Located beneath the town center, the shelter stretches 2.5 km from east to west and 1.5 km from north to south, and it was designed to accommodate a combat hospital of 2,000 square meters and a warehouse of more than 4,000 square meters.

The main corridor, which once led to an auditorium, cinema, power station and dwellings, is wide enough for two trucks to pass along side by side.

Four different areas are set to be developed based on the existing shelters and underground channels, according to local government documents released in late July.

With the complex expected to be opened by the end of 2015, the plan is for an entertainment "under-city" to be filled with catering and shopping attractions.

A "haunted adventure land" will replace the combat hospital.

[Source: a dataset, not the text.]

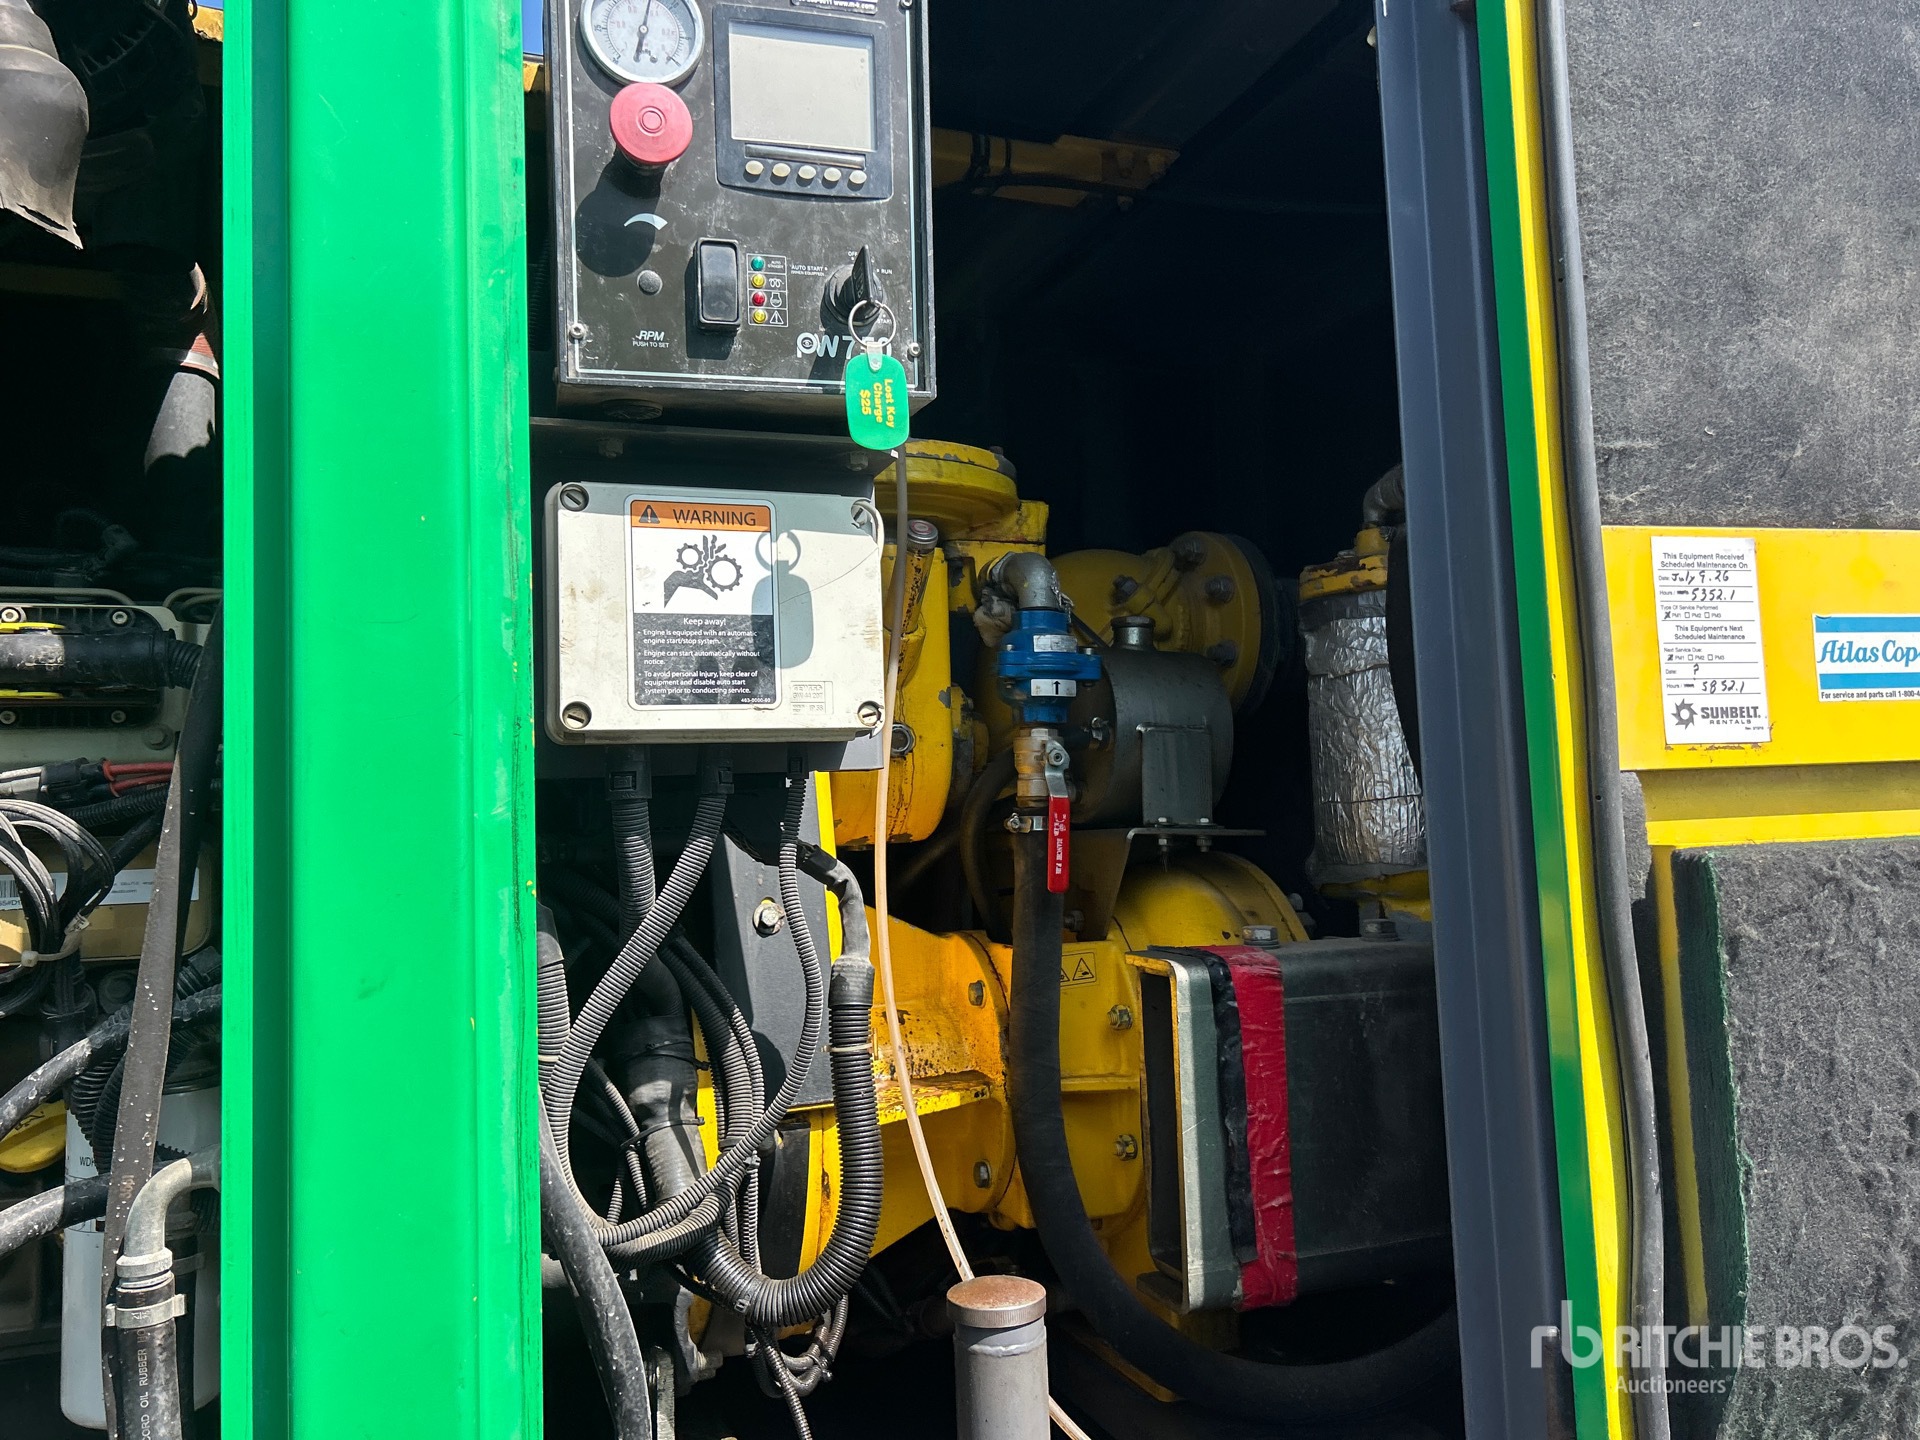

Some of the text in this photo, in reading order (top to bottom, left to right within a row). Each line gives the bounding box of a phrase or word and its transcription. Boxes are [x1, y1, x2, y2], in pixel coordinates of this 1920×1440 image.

And a picture show giving information on how the shelter was used in preparing for war and storing food supplies for use in case of famine will also be included. Audiences will get a fresh view of history through simulations.

Lastly, the government blueprint also mentions an area featuring a cinema with 3D film technology, a cafe and a zone themed around science fiction.

Built in the late 1960s, the fallout shelter was initiated by China's late chairman Mao Zedong as a response to the Vietnam War and a downturn in Sino-Soviet relations.

Li Baoyu, then 20, was actually involved in building the original facility. "I was one of hundreds of workers carrying rocks and cement," he recalled. "I was a tractor driver and worked there for about three years."

Kang Yonglin, a retired doctor, was impressed by how the shelter was transformed into a makeshift hospital after the deadly earthquake that jolted the neighboring city of Tangshan in 1976.

"All the medical staff and patients were transferred to the fallout shelter, including some 100 earthquake victims," said Kang, adding that the temporary hospital was finally closed in 1978.

The fallout shelter has never been officially used since then, local villagers told Xinhua.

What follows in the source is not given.